It was now that all hung in the balance. The Visigoths had retreated in disarray, their king dead. The Alans had lost half their number in the desperate center, and only the support of the Liticians and the sturdiness of the Olibriones kept them from breaking entirely. The wing of Aetius with its Franks and Saxons and Armoricans held the high ground but was still unable to advance; and Attila himself still had a vast force milling in front of us, encouraged now by the fall of Theodoric.
Both sides had scored triumphs. Which would prevail?

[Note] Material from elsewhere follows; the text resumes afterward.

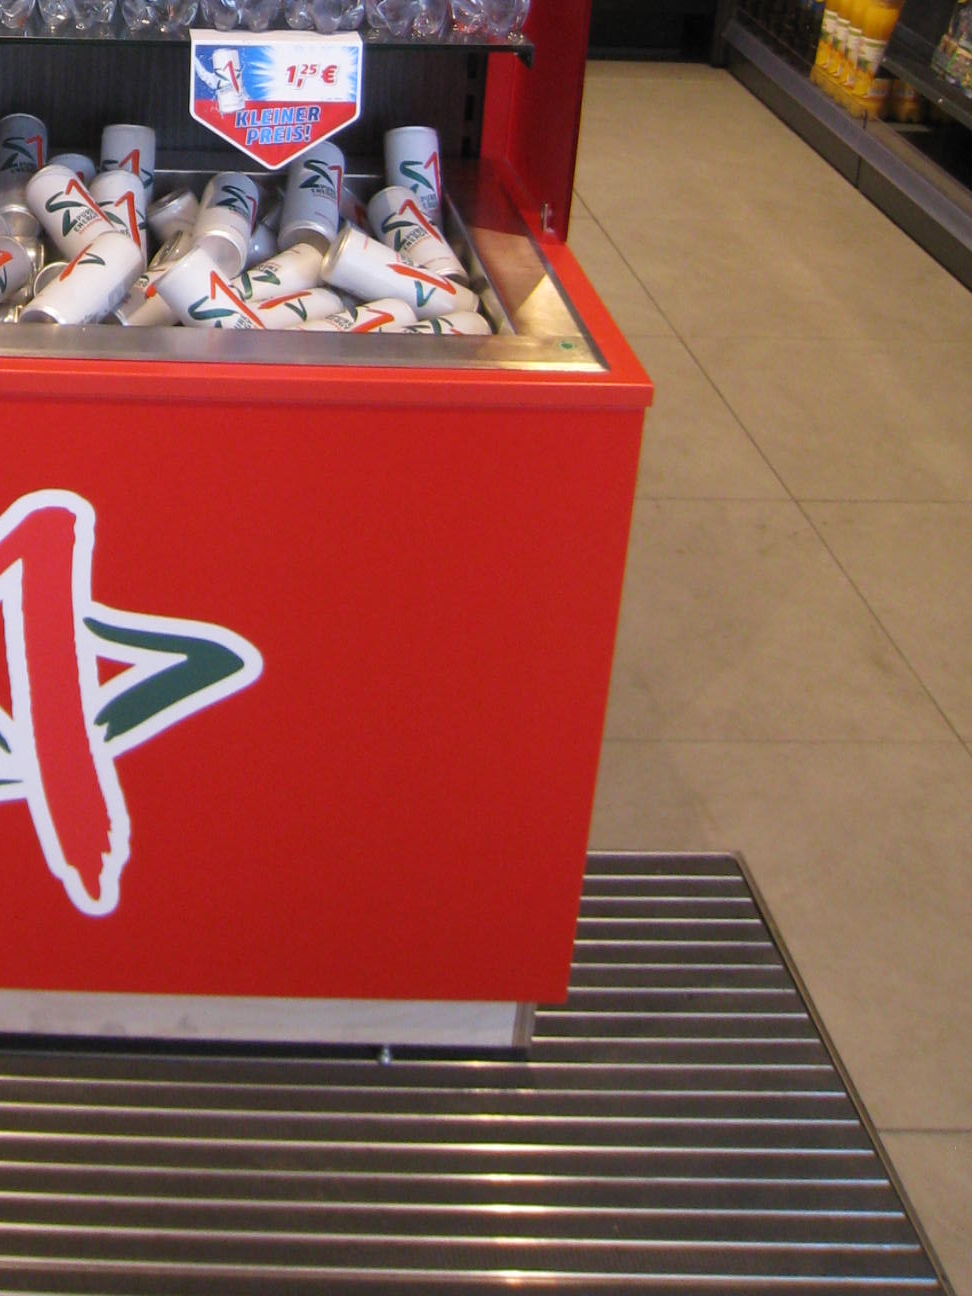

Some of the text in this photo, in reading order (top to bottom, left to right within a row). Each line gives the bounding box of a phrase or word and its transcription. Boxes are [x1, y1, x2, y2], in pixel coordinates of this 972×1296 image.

[321, 64, 338, 84] €
[234, 106, 321, 128] KLEINER
[245, 125, 312, 146] PREIS!

The two armies hurled themselves at each other again, more desperately than ever.
And then again.
And again.
Hour followed hour. The rain of arrows slackened because, as Zerco had predicted, not even Huns had an inex-haustible supply. The longer the fight went on the more they were forced to come to grips with the heavier Western cavalry, and the more grievous their own losses became. The dwarf’s forecast was proving grimly right. This was no lightning raid or standoff archery contest; this was the brutal and fundamental kind of close-quarters fighting that western Europeans excelled at. None of us on either side could fight endlessly without rest, however, and so ranks surged, battled, and then, exhausted, retired while new men took their places. The ground became pocked with bodies, then marbled, and then carpeted with a meadow of carnage such as chroniclers had never imagined. Nothing approached the cost of what some would call the Battle of Châlons, some Maurica, and some simply as the Battle of Nations. Men sensed that here was a hinge of history, the difference between darkness and light, oppression and hope, glory and despair; and neither side would give up. If their swords broke they fought with broken swords, and if their weapons snapped again at the hilt, then they rolled on the ground, grappling for each other’s throats and reaching for each other’s eyes, gouging and kicking in a frenzy of unreasoning fury. Each death had to be revenged, each yard lost had to be retaken; and so instead of slackening the battle grew ever more intense as the afternoon wore on. It was hot, a huge pall of dust hazing the battlefield, and wounded men screamed equally for their mothers and for water.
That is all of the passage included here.